Written 7 years ago by Lee Milthorpe
We all have our own unique style when it comes to photography. Some people are more knowledgeable whereas others just like to play around with their camera and learn as they go. Then there’s the professional’s, some of whom don’t have a clue what they’re actually doing yet still charge their clients the going rate! I’ve categorised some of the different stereotypes below. Do any of them fit you? Have a read then let us know in the comments what type of photographer you are.
You’re on a family day trip to the seaside, armed with your trusty point and shoot camera hoping to snap as many photographs as possible of the whole family. You arrive there and the first thing you do is get everyone stood infront of the beach with the ocean behind them, you tell them to squeeze closer, then you shout ‘cheeeeese!’ After standing there with cheesy grins for about a week, everyone is relieved when you finally take the shot. Their relief is short lived though, as you tell them ‘just one more!’
My advice for you mother’s out there would be to stop being so snap happy! Put the camera down for a while and go enjoy the day with the family. They will appreciate being able to relax without being forced into position for yet another poor family photograph!
You have no idea what a point and shoot camera means and you’re actually a little scared of it. When someone asks you to take their photograph you get all flustered and start panicking, in the fear that you might break the camera if you go anywhere near it. You make up some quick excuse to get out of taking the photograph and stay well clear!

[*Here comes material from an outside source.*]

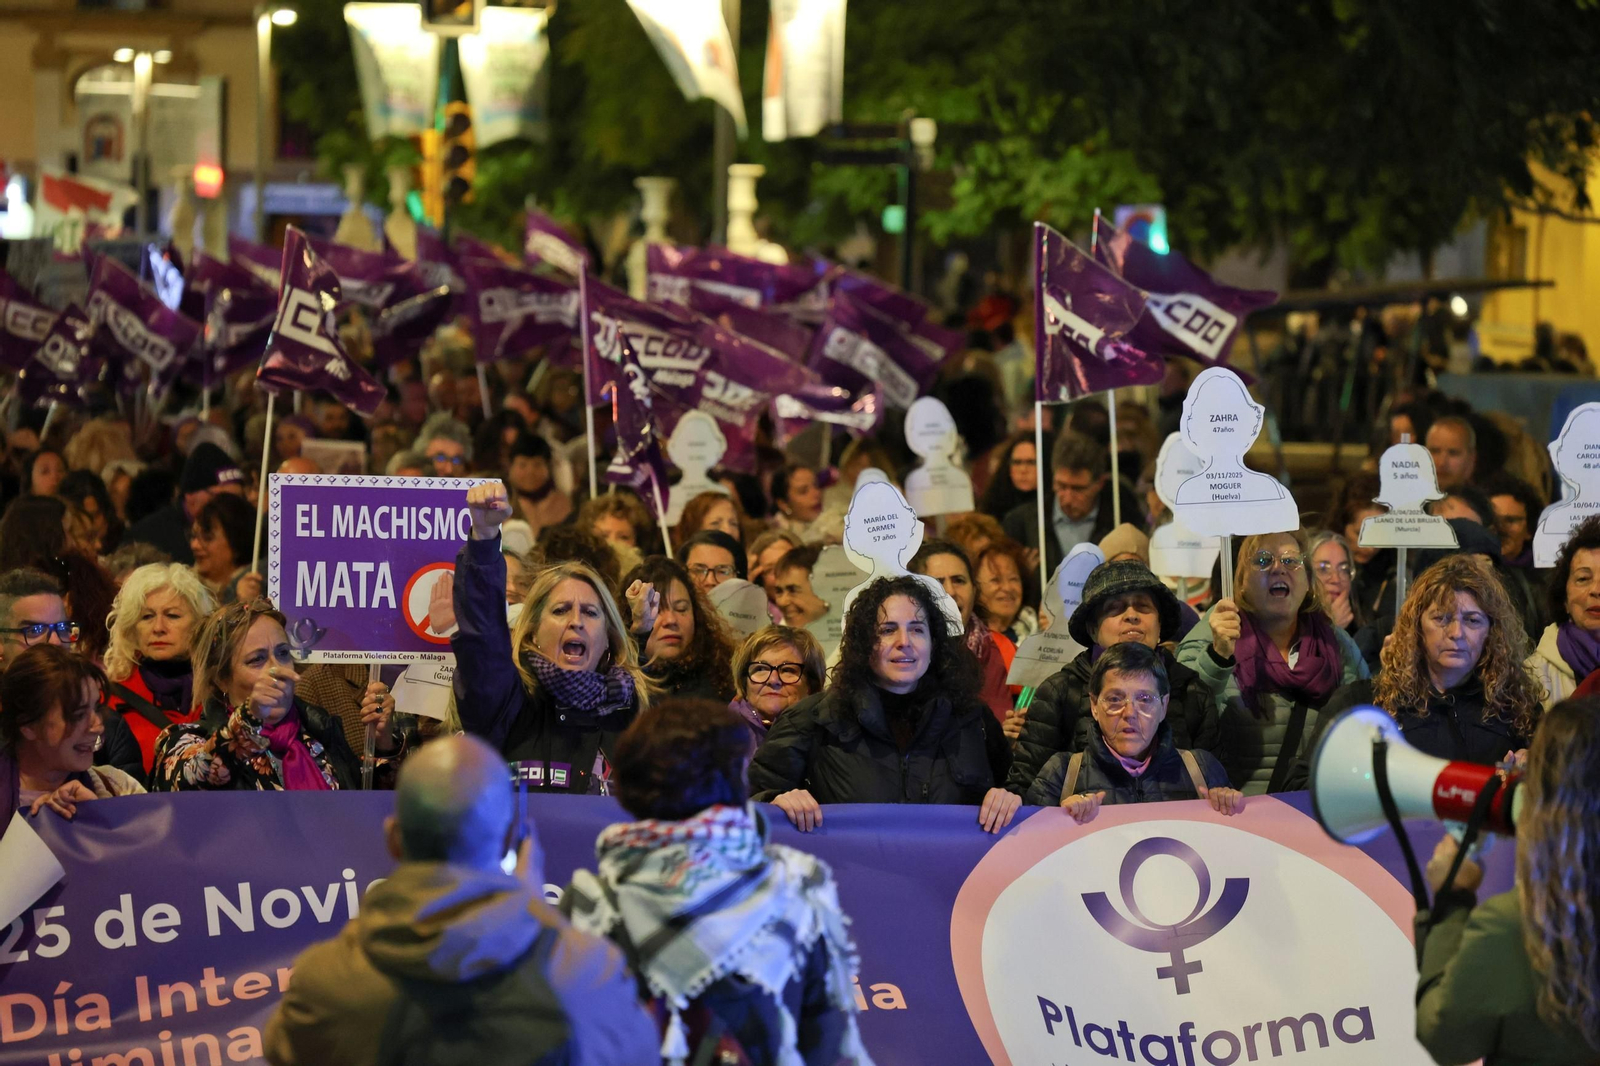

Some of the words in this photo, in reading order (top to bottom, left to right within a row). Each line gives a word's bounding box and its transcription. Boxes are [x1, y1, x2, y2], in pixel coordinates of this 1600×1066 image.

You need to calm down and realise that camera’s aren’t evil. If you don’t know what to do, just ask, take in what you’ve been told and take the photograph. You’ll feel the satisfaction of knowing you’ve learned something new.
The Amateur Newbie
You want to take your photography a little further and have just got your first camera, but you still hold it like you held your point and shoot with your hands around each side. The settings are all far too complicated so you opt for the automatic choices, you then find objects to take test photos of, usually a vase of flowers, a glass or the nearest pet. You then get frustrated with the new camera because the shots you have taken aren’t as good as the one’s you saw in the gallery last month, and you thought having a good camera would instantly make you a better photographer!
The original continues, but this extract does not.